● PROBLEM DETAILS: When you copy the records, keep every word exact and leave the pictures out.

● Image-backed grounding data:
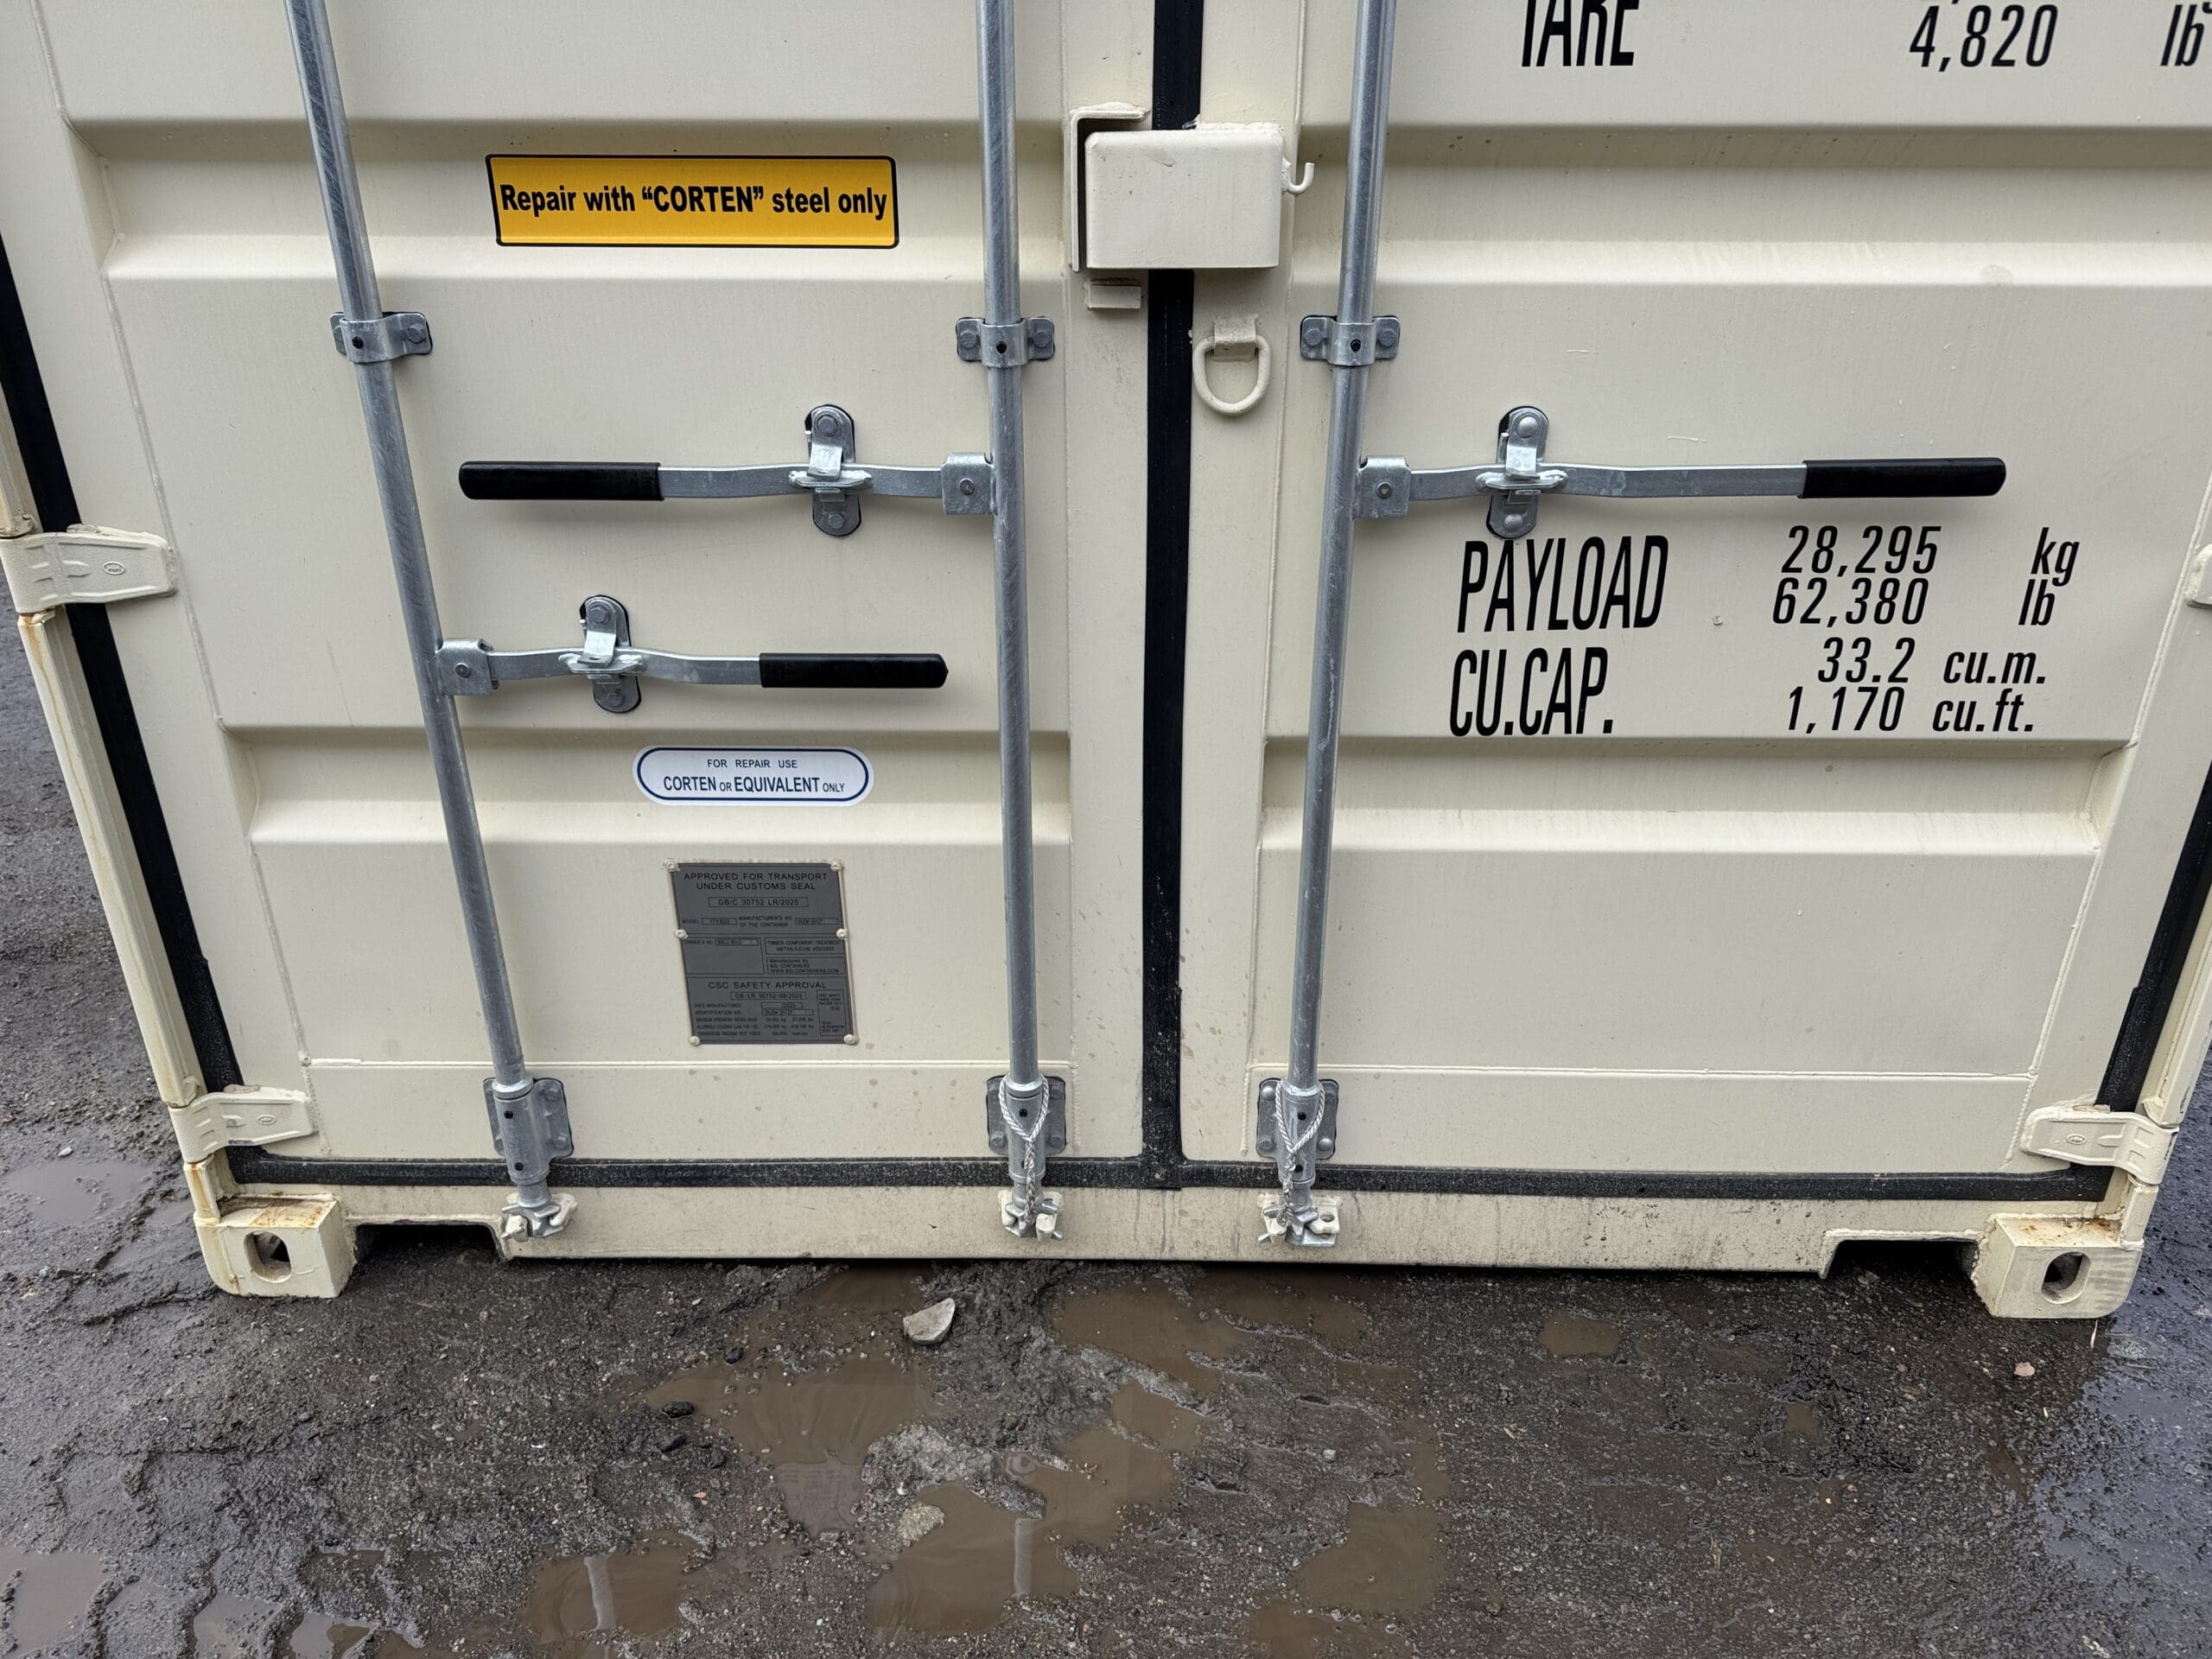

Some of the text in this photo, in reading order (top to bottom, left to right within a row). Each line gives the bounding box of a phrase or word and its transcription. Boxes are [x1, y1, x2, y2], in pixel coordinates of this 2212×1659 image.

[1910, 3, 2206, 73] 4,820 lb
[499, 184, 887, 220] Repair with “CORTEN” steel only
[1457, 525, 2080, 633] PAYLOAD 28,295 kg
[1772, 578, 2056, 628] 62,380 lb
[1450, 637, 2049, 737] CU.CAP. 33.2 cu.m.
[1788, 686, 2035, 734] 1,170 cu.ft.
[664, 776, 845, 792] CORTEN OR EQUIVALENT ONLY
[707, 760, 798, 768] FOR REPAIR USE

● RESULT OF THIS EXERCISE:
Some of the text in this photo, in reading order (top to bottom, left to right within a row). Each line gives the bounding box of a phrase or word and its transcription. Boxes are [x1, y1, x2, y2], in pixel coordinates of this 2212×1659 image.

[1910, 3, 2206, 73] 4,820 lb
[499, 184, 887, 220] Repair with “CORTEN” steel only
[1457, 525, 2080, 633] PAYLOAD 28,295 kg
[1772, 578, 2056, 628] 62,380 lb
[1450, 637, 2049, 737] CU.CAP. 33.2 cu.m.
[1788, 686, 2035, 734] 1,170 cu.ft.
[664, 776, 845, 792] CORTEN OR EQUIVALENT ONLY
[707, 760, 798, 768] FOR REPAIR USE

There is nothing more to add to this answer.